Cualquier hongo con forma de sombrero sostenido por un tallo encuentra en muchas partes de Teruel su hábitat para desarrollarse perfectamente. Y tal es así que se estiman entre 2.000 y 3.000 especies en todo el territorio Turolense e incluso algunas se denominan con una terminología autóctona. Así al níscalo se le llama fondo royo, a la colmenilla también se le conoce como morguela o murgona, y al robellón también se le denomina Ongorrés.
Teruel y Albarracín ofrecen un excelente mercado natural de abastos donde encontrar numerosas variedades de estos pequeños manjares.
Teruel es una región privilegiada en lo referente a la trufa, sobre todo las zonas del Prepirineo oriental de Huesca y la serranías del Maestrazgo, Gúdar y Javalambre.
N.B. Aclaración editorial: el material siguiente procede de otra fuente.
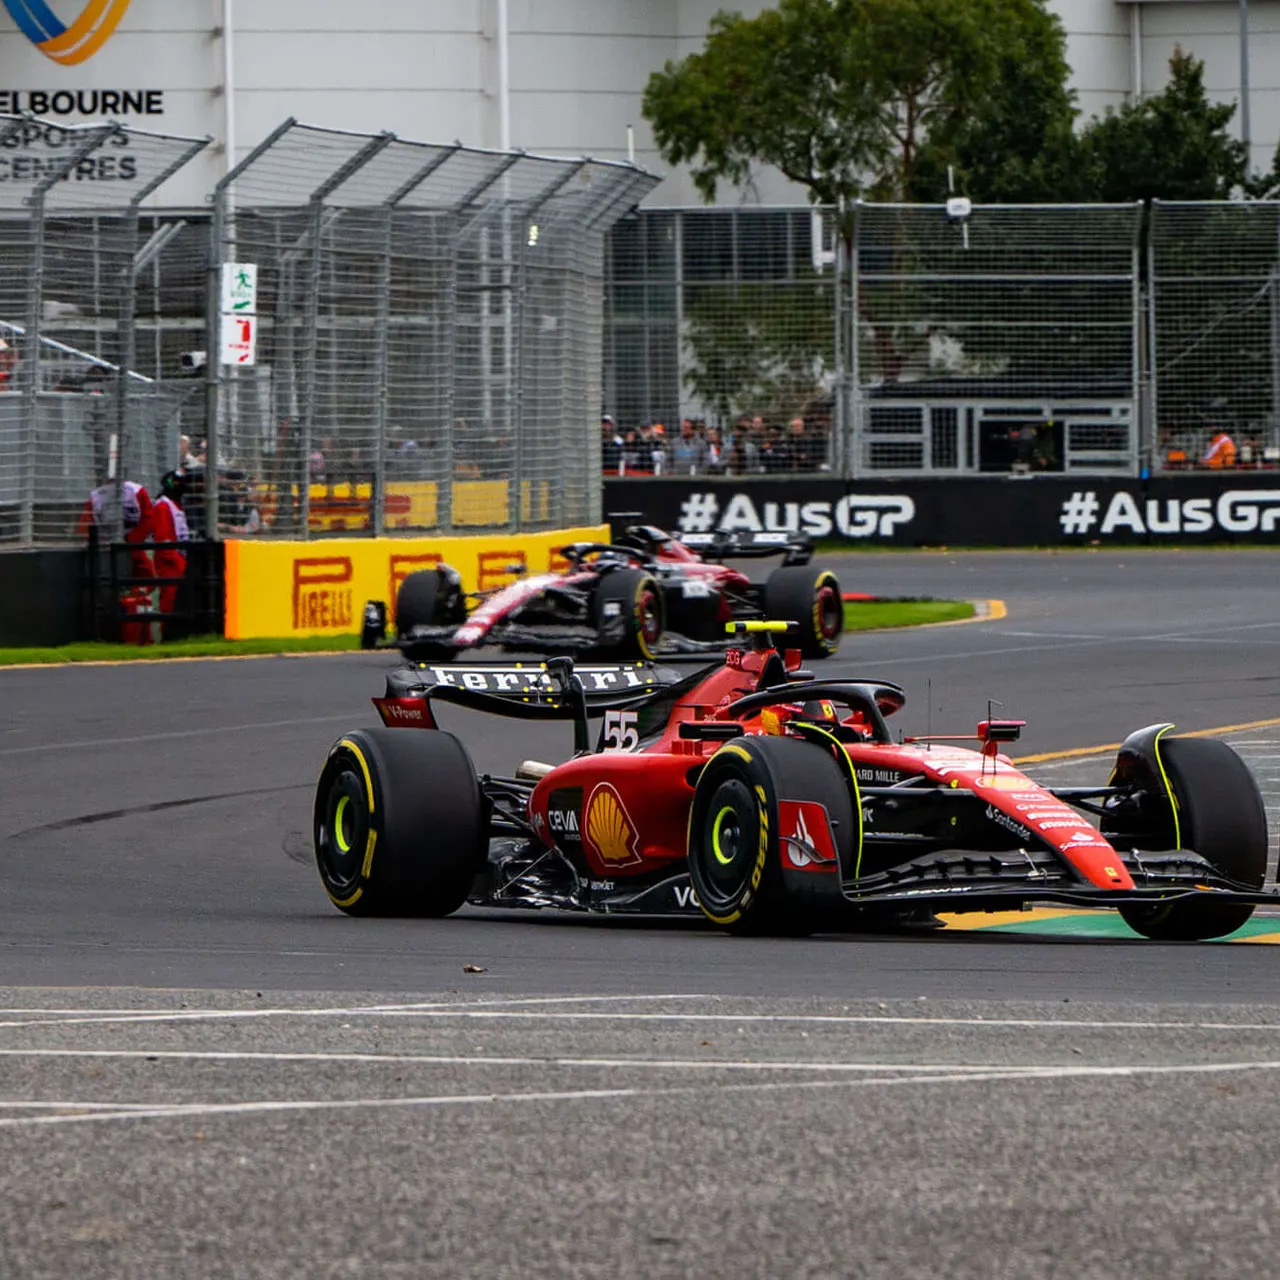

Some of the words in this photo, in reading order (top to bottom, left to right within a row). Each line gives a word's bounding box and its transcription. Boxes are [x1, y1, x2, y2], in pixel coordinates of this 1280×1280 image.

Los mercados de Graus, Mora de Rubielos y Morella son los que marcan el precio de la trufa a nivel nacional. La provincia turolense es la primera productora nacional en la que la actividad más intensa se registra en Maestrazgo, Sierra de Gúdar, Javalambre y zonas montañosas del Bajo Aragón y del Matarraña. Pero si nos trasladamos hacia tierras oscenses, las áreas truferas más reconocidas son la Ribagorza, Sobrarbe, Benabarre, Aínsa y, por supuesto, Graus con una supremacía absoluta.